▶ **Provided records**:
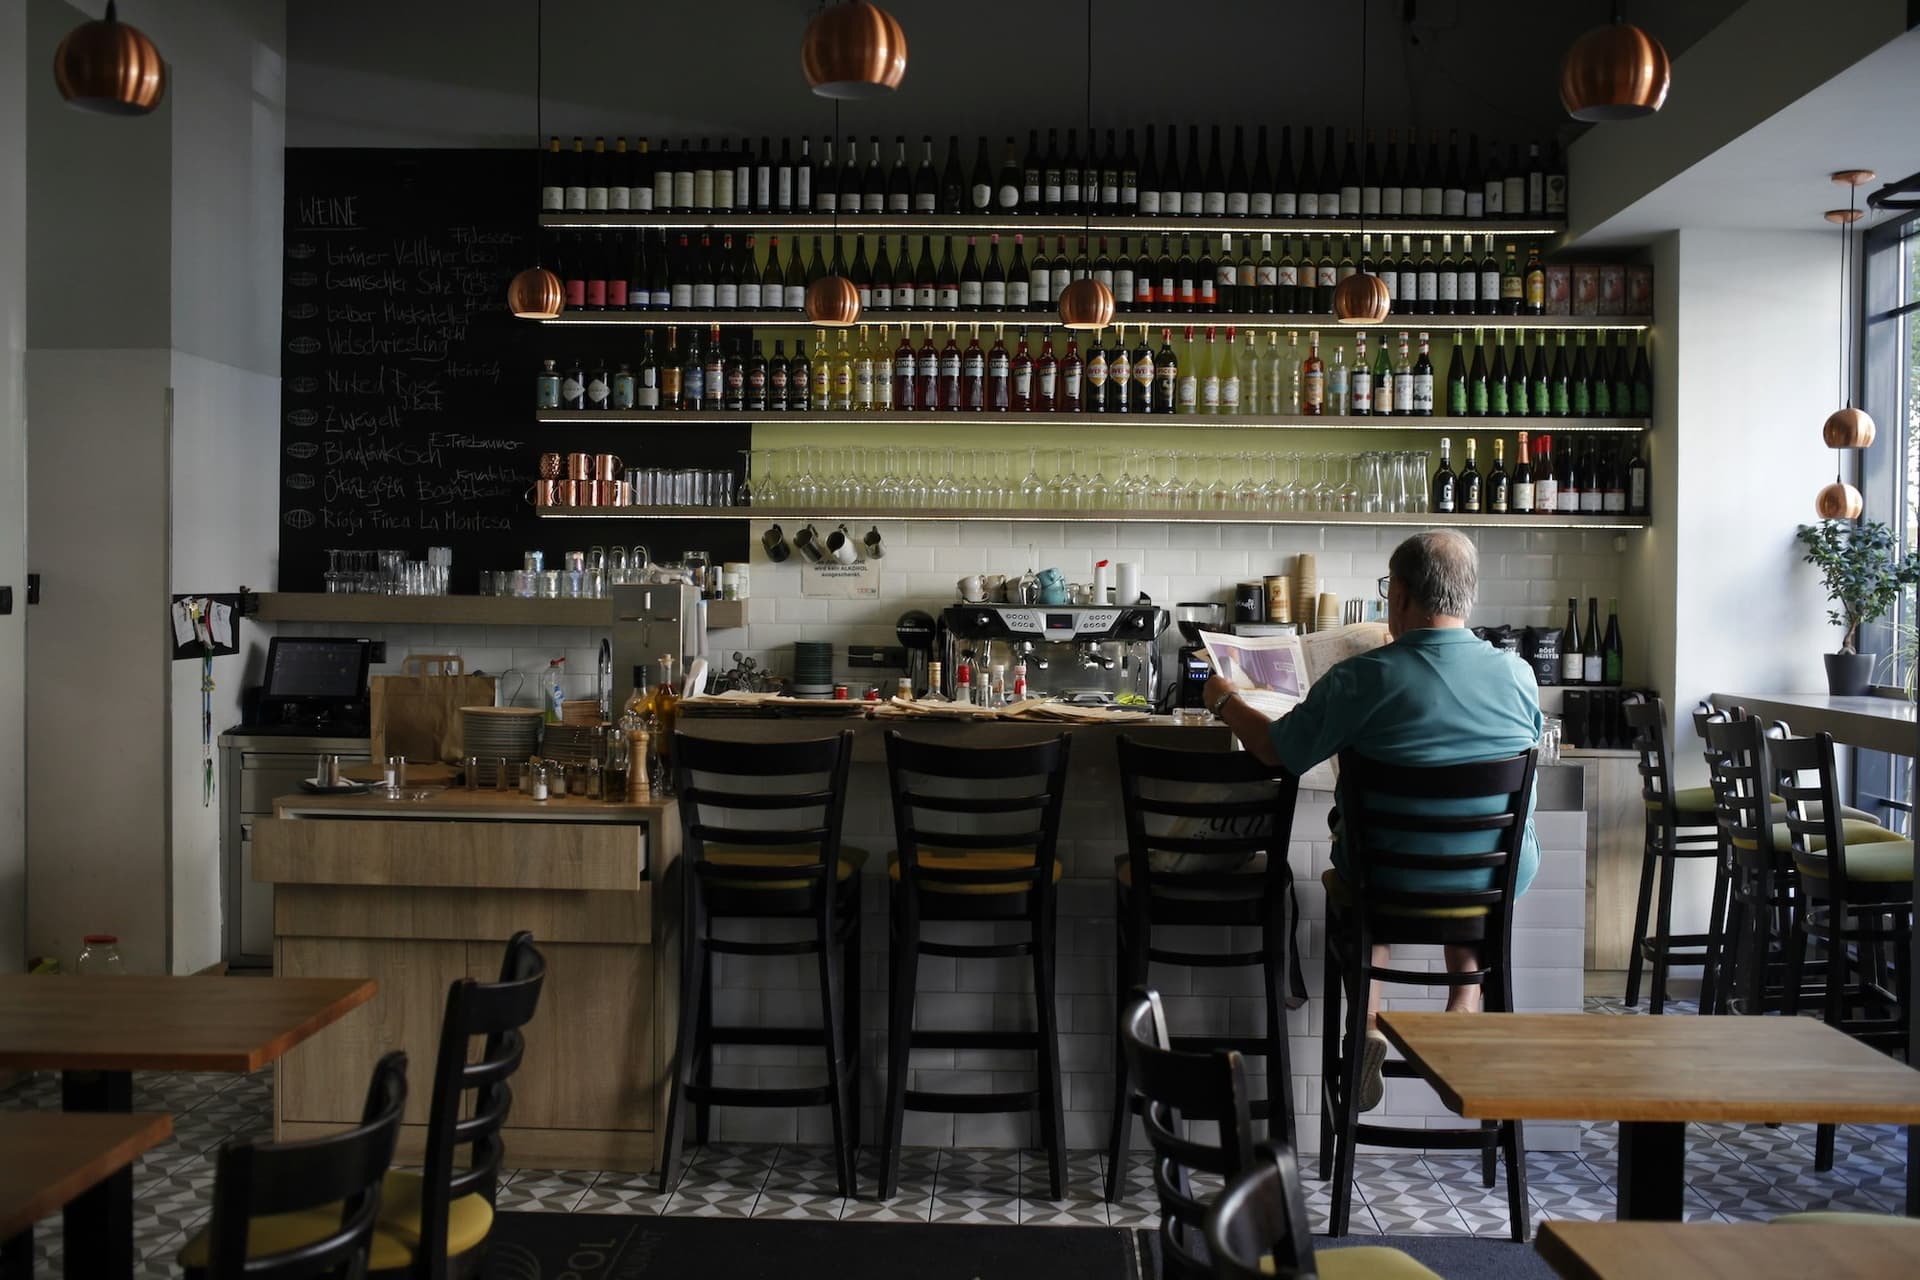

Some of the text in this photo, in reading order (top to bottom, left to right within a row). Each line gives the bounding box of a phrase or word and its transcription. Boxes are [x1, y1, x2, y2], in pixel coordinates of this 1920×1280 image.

[298, 195, 358, 226] WEINE
[1443, 484, 1452, 499] G
[1470, 485, 1478, 499] G
[1497, 485, 1505, 499] G
[319, 505, 364, 536] Rioja
[366, 506, 412, 529] Finca
[416, 506, 440, 530] La

▶ **Description of the task**: Repeat, exactly and in full, every entry in the data, but not the pictures.

▶ **Answer area**:
Some of the text in this photo, in reading order (top to bottom, left to right within a row). Each line gives the bounding box of a phrase or word and its transcription. Boxes are [x1, y1, x2, y2], in pixel coordinates of this 1920×1280 image.

[298, 195, 358, 226] WEINE
[1443, 484, 1452, 499] G
[1470, 485, 1478, 499] G
[1497, 485, 1505, 499] G
[319, 505, 364, 536] Rioja
[366, 506, 412, 529] Finca
[416, 506, 440, 530] La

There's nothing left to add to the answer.